NORTH FAIRFIELD, Ohio — More than 20 inches of rain in April and continuing rain and cool weather in May have held back vegetable crop progress in Ohio.
Unusually cold and wet weather has put the Ohio deal behind normal, said Loren Buurma, co-owner of Willard, Ohio-based Buurma Farms Inc.
The company’s radish harvest typically begins about May 15, but cool weather and planting gaps contributed to a slower than normal start, he said.
Ohio growers endured the wettest April since 1950, which caused plantings of some Ohio crops to lag behind normal, said Ken Holthouse, general manager of North Fairfield-based Doug Walcher Farms.
About 25% of the firm’s cucumber crop is in the ground, he said, while the pepper crop was just beginning to be planted the week of May 16.
“We’re making progress where we can, but it is slow,” he said.
Zucchini yellow squash are expected to be available the middle of June, and peppers should start about the third week of July, Holthouse said.
It is not unusual for warmer weather to spur growth, allowing fields planted near Memorial Day to catch up with fields planted in mid-May.
“If the weather straightens up and the temperatures come up, we should still be able to hit our normal starting time,” he said.
“Last year we had a nice warm April and May, and we harvested peppers July 10,” he said.
Less than 10% of the state’s field corn crop was planted at the end of April, compared with more than 60% planted the same time last year.
“It is cold and rainy,” said Don Bettinger, president of Bettinger Farms Inc., Swanton. “It has been terrible.”
Growers faced similar conditions early in the season last year, Bettinger said, and the weather turned around and accelerated crop progress.
“I’m still assuming it won’t be that much of a change in harvest season, providing the weather straightens out,” he said.

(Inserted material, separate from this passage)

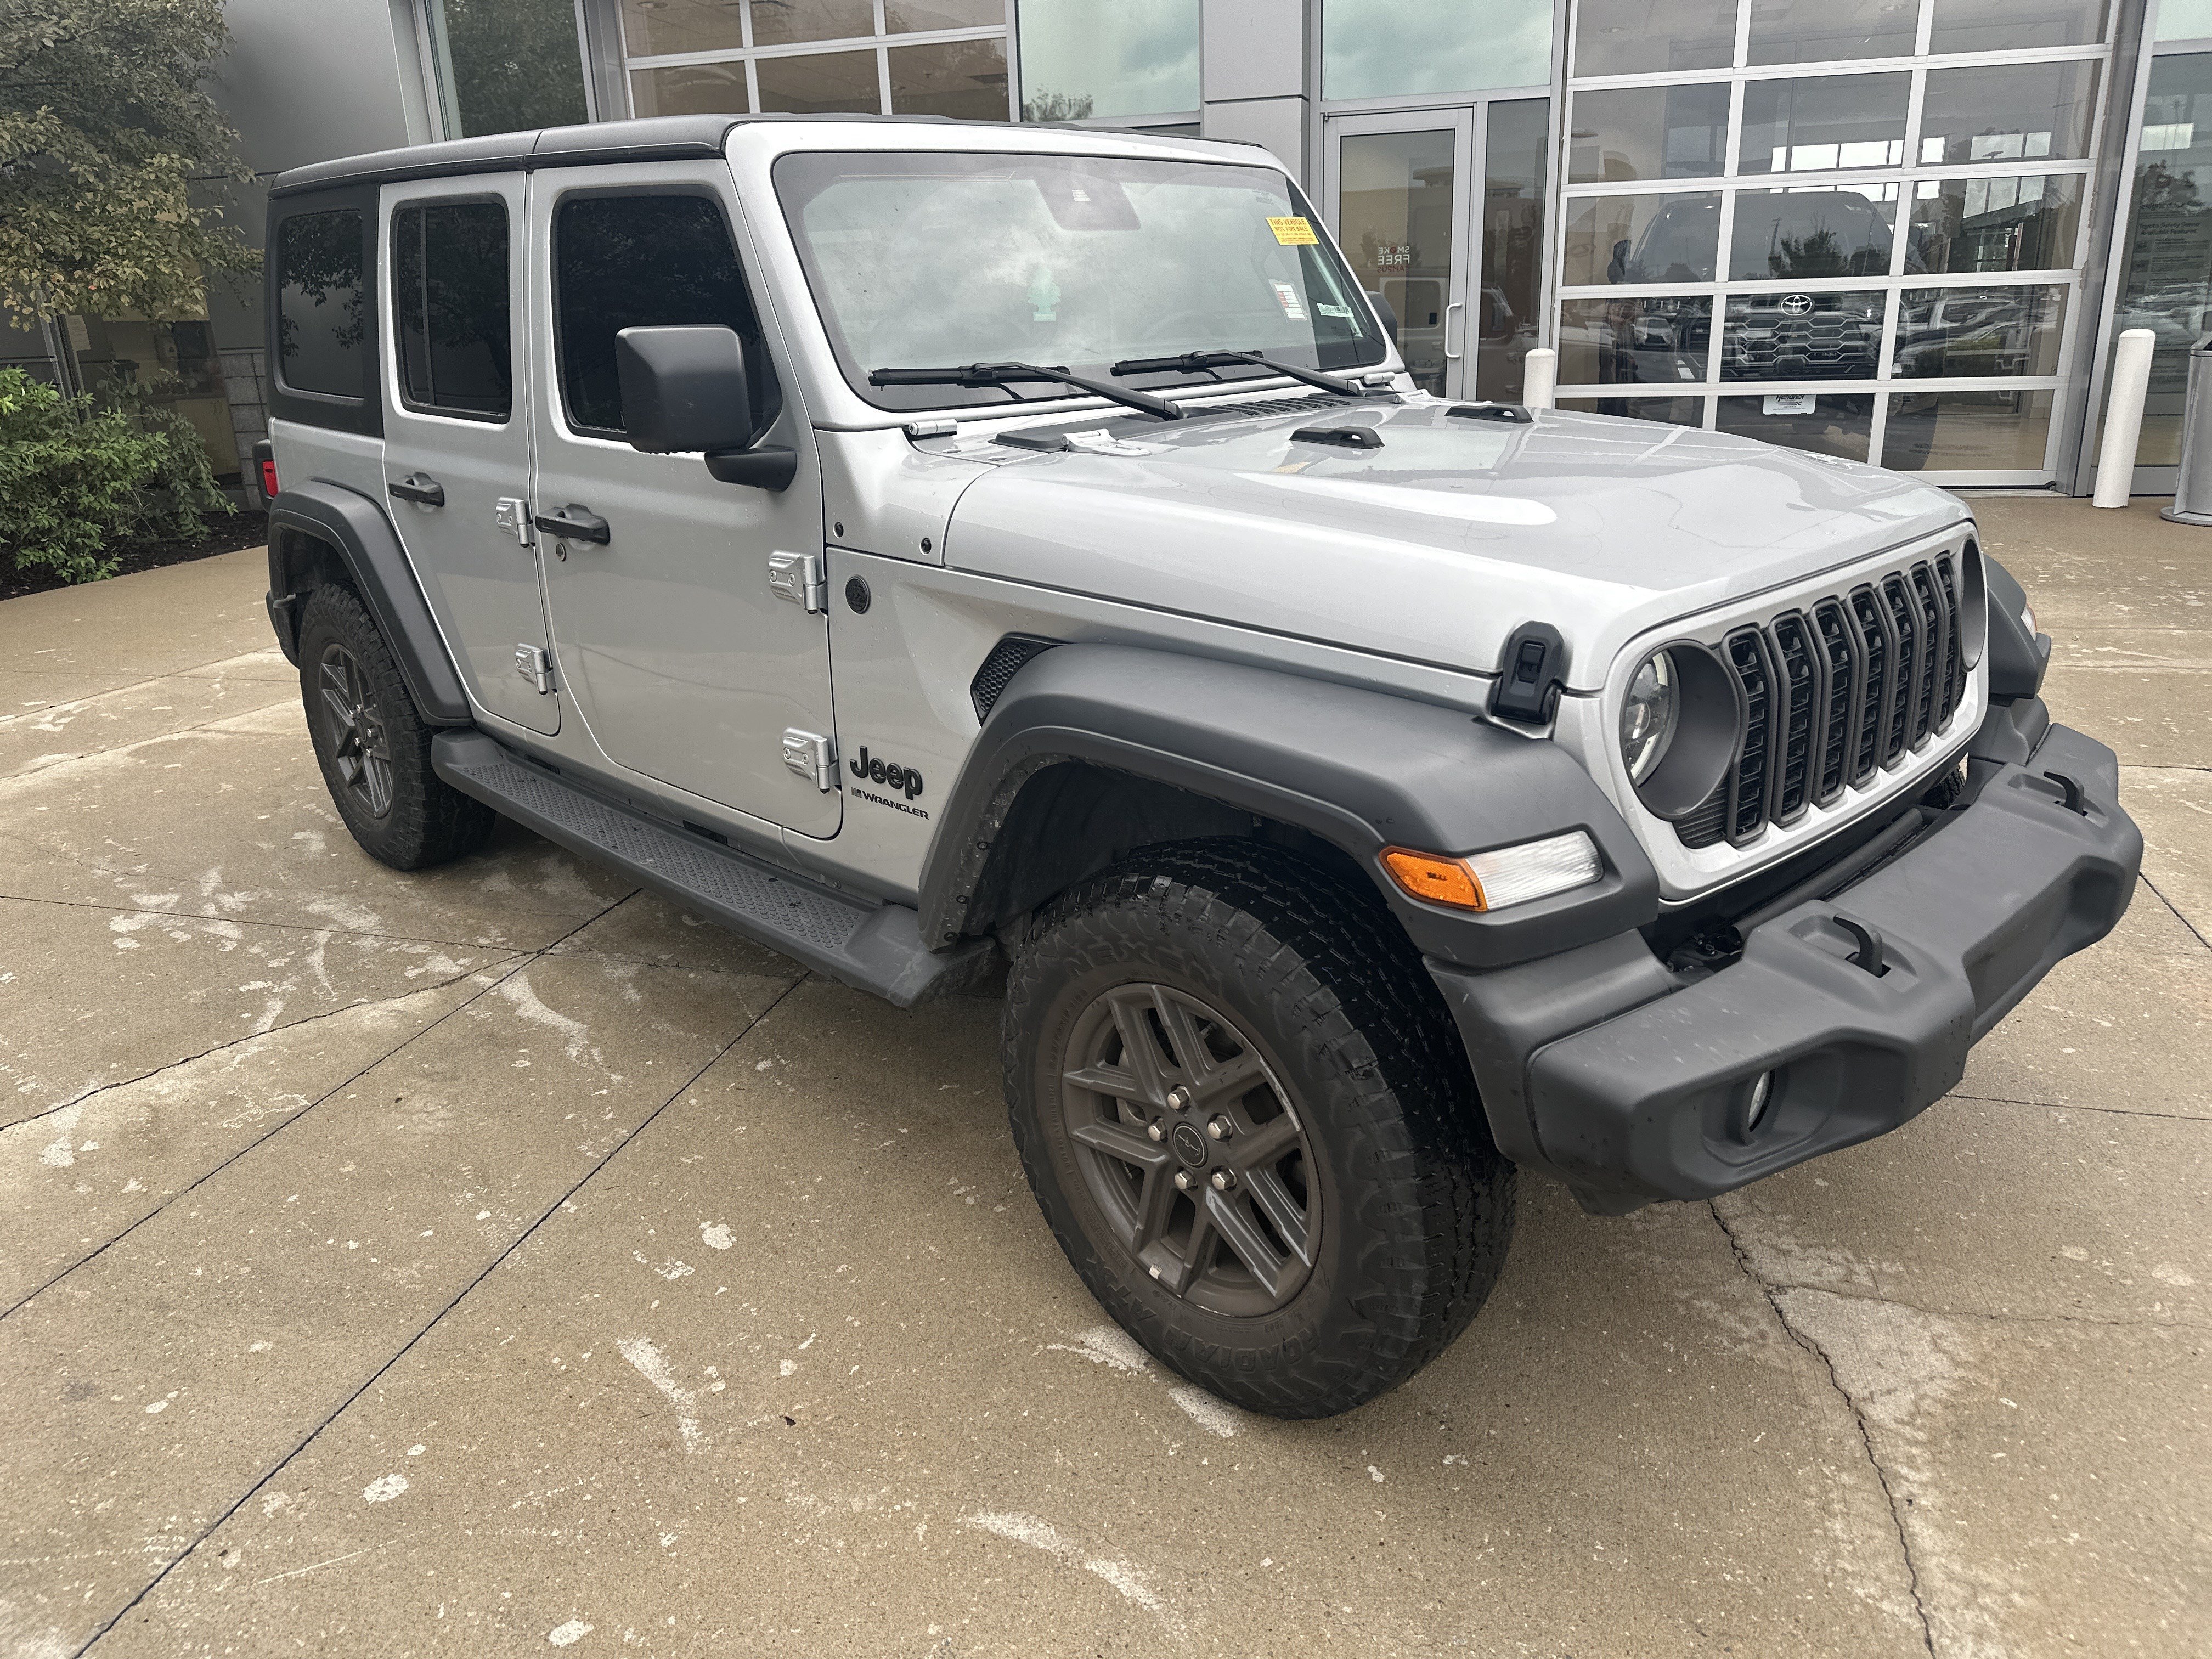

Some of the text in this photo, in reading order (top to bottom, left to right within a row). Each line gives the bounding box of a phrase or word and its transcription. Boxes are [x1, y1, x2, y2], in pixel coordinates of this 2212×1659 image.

His firm’s sweet corn should be ready by July 20. The firm grows about 500 acres of fresh market sweet corn that will be harvested up to October.
Jim Wiers, president of Willard-based Wiers Farm Inc./Dutch Maid., says warmer days can make up for the rain and cool weather.
However, there may be larger than normal gaps for some vegetables as harvest transitions from southern growing regions to northern growing regions, he said.
"As items transition out of Georgia to the north and the Carolinas to the North, and Arkansas and Tennessee to the north, I would expect greater gaps this year,” Wiers said.